La Tunisie face aux grands bouleversements géopolitiques: quelle stratégie dans un monde en recomposition ?

Par Mohamed Sassi. Historien et Économiste, Spécialiste des Relations Internationales
Introduction: Un carrefour historique à la croisée des chemins
Assise sur les rivages de la Méditerranée, la Tunisie porte en elle les strates successives des grandes civilisations qui ont fait son histoire. De Carthage à Kairouan, des Hafsides à Bourguiba, ce petit pays a toujours su jouer de sa position géographique pour rayonner bien au-delà de ses frontières. Mais aujourd'hui, alors que les équilibres mondiaux vacillent, la Tunisie contemporaine se retrouve face à un dilemme existentiel: comment naviguer dans une mer géopolitique de plus en plus agitée ?
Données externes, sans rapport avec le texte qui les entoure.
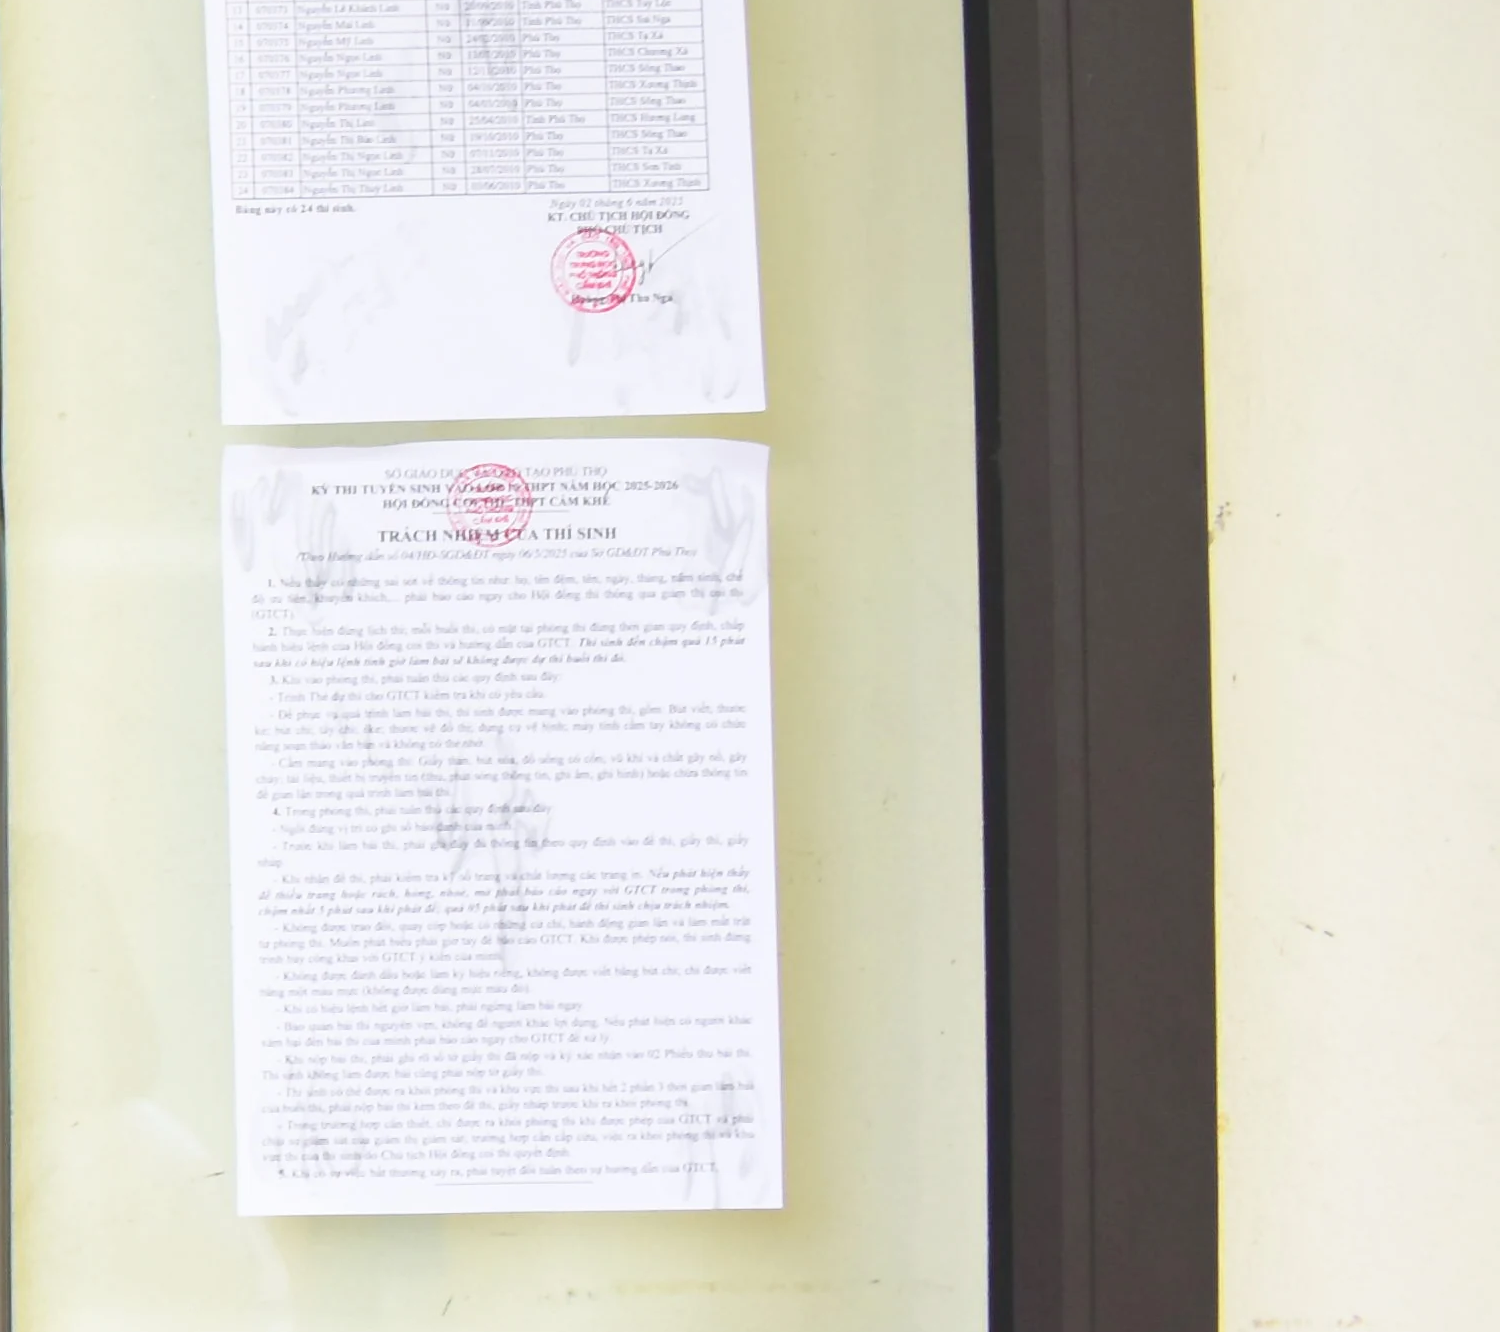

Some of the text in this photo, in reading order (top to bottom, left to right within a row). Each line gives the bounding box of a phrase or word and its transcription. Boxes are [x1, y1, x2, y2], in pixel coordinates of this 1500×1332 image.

[312, 483, 328, 495] KỲ
[334, 485, 357, 495] THI
[363, 483, 406, 494] TUYỂN
[410, 484, 440, 494] SINH
[560, 479, 589, 491] NĂM
[593, 481, 620, 493] HỌC
[625, 480, 679, 491] 2025-2026
[383, 499, 407, 511] HỘI
[412, 496, 450, 510] ĐỒNG
[549, 495, 579, 506] CẨM
[583, 494, 609, 506] KHÊ
[378, 527, 436, 542] TRÁCH
[543, 524, 572, 540] THÍ
[577, 527, 616, 539] SINH
Le constat est sans appel. À l'horizon se profilent trois tempêtes majeures:
1. Le déclin relatif de l'Europe, partenaire historique empêtré dans ses contradictions
2. L'émergence de nouvelles puissances aux ambitions décomplexées (Chine, OCS(1), BRICS(2))
3. La fragmentation persistante de son environnement maghrébin et africain
Pourtant, derrière ces défis se cachent aussi d'immenses opportunités. La Tunisie se trouve à un carrefour décisif où elle doit articuler avec finesse plusieurs impératifs: préserver sa souveraineté économique tout en approfondissant son ancrage régional, et diversifier ses partenariats sans sacrifier ses intérêts nationaux. C'est cette équation complexe, mais cruciale pour son avenir, que le présent article se propose d'explorer.
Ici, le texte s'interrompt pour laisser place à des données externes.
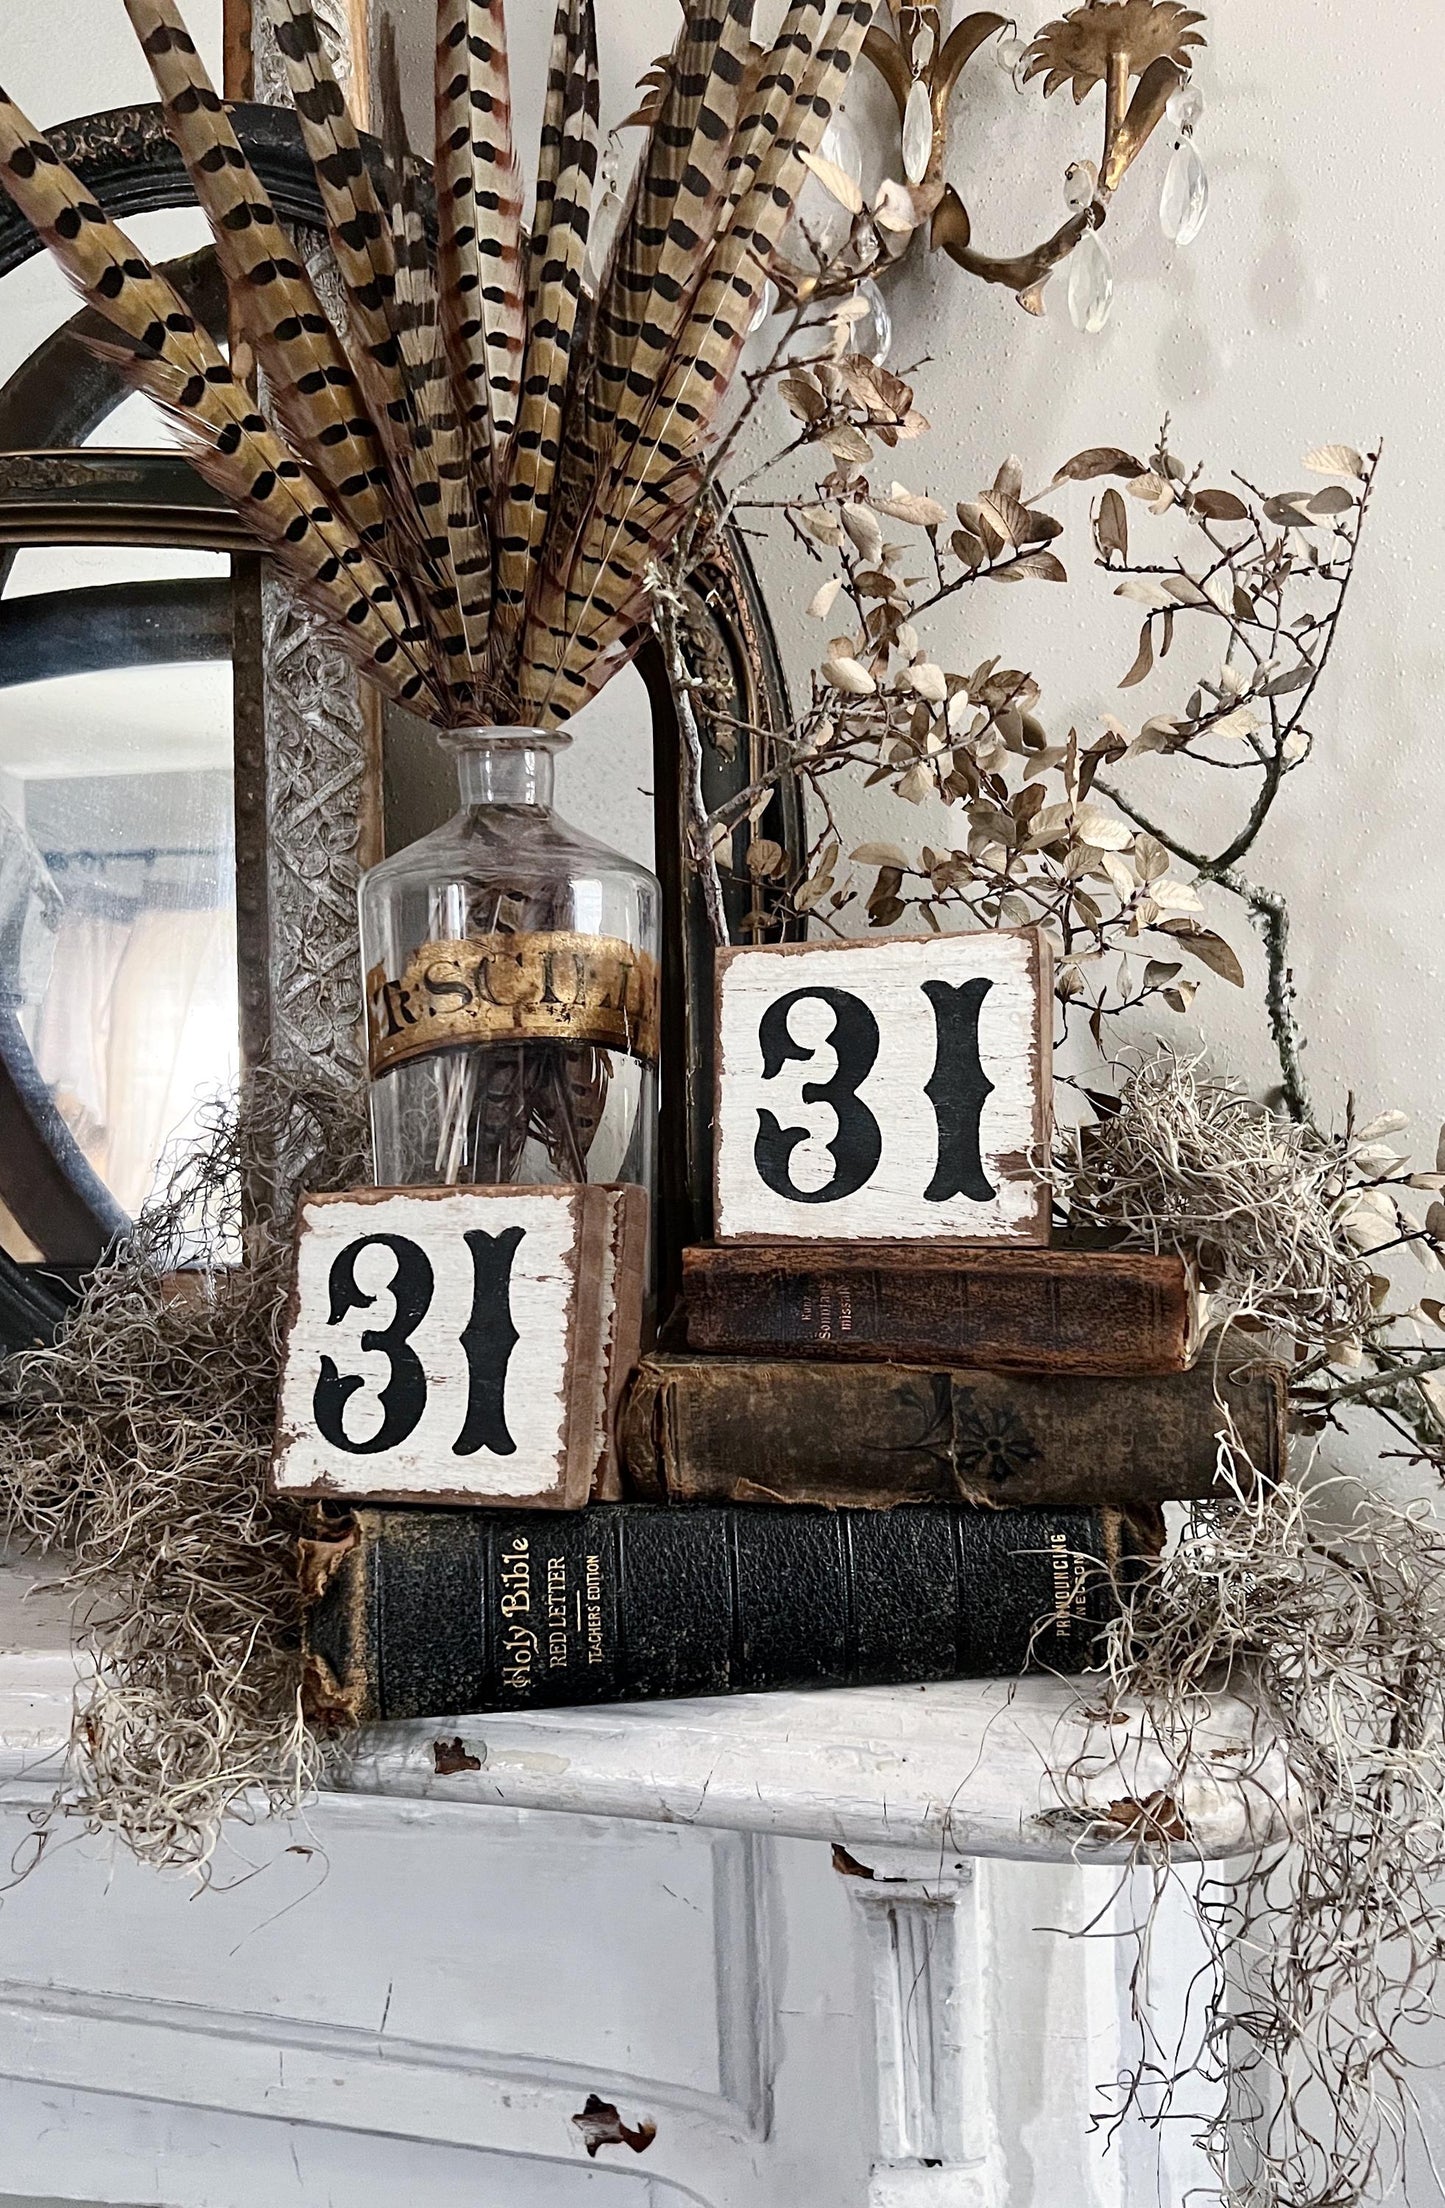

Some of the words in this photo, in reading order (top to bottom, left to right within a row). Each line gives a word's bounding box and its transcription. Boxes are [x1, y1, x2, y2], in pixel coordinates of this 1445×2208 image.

[754, 977, 997, 1203] 31
[313, 1226, 527, 1456] 31
[501, 1537, 530, 1618] Bible
[547, 1556, 567, 1628] LETTER
[586, 1554, 601, 1601] EDITION
[502, 1625, 539, 1688] Holy
[549, 1631, 567, 1668] RED
I. L'Europe: un partenaire malade de ses ambiguïtés
Le rapport entre la Tunisie et l'Europe ressemble à s'y méprendre à un vieux couple qui ne peut ni vivre ensemble ni se résoudre à se séparer. En fait, les relations économiques entre la Tunisie et l’Europe reposent sur une interdépendance déséquilibrée, où la dépendance structurelle cache une vulnérabilité compétitive. Certes, l’UE absorbe 70 % des exportations tunisiennes et fournit 60 % des IDE, permettant même un excédent bilatéral de 7,7 milliards de dinars en 2024. Mais cette apparente complémentarité masque une réalité plus rude: la Tunisie affiche un déficit commercial global record de 6,2 milliards de dollars (18,9 milliards de dinars selon les chiffres de l’Institut National de la Statistique-INS) la même année.
Preuve que cet excédent avec l’UE est moins le fruit d’une compétitivité industrielle que d’une spécialisation subie dans des secteurs à faible valeur ajoutée (textile, agroalimentaire) et d’un accès privilégié au marché européen via les accords de libre-échange. Le reste du monde, lui, expose sans ménagement les faiblesses du modèle tunisien : déficits abyssaux avec la Chine (-9 milliards de dinars), la Russie (-5,3 milliards) ou la Turquie (-2,8 milliards), révélant une incapacité à concurrencer les géants émergents hors du cadre protecteur européen.
L’UE, en tant que partenaire dominant, profite ainsi d’une relation asymétrique: elle achète à la Tunisie des biens transformés à bas coût tout en lui vendant des équipements high-tech et de l’énergie – deux postes qui pèsent 15 milliards de dinars dans le déficit global. Un cercle vicieux où la Tunisie reste prisonnière d’une division internationale du travail qui limite son ascension dans la chaîne de valeur.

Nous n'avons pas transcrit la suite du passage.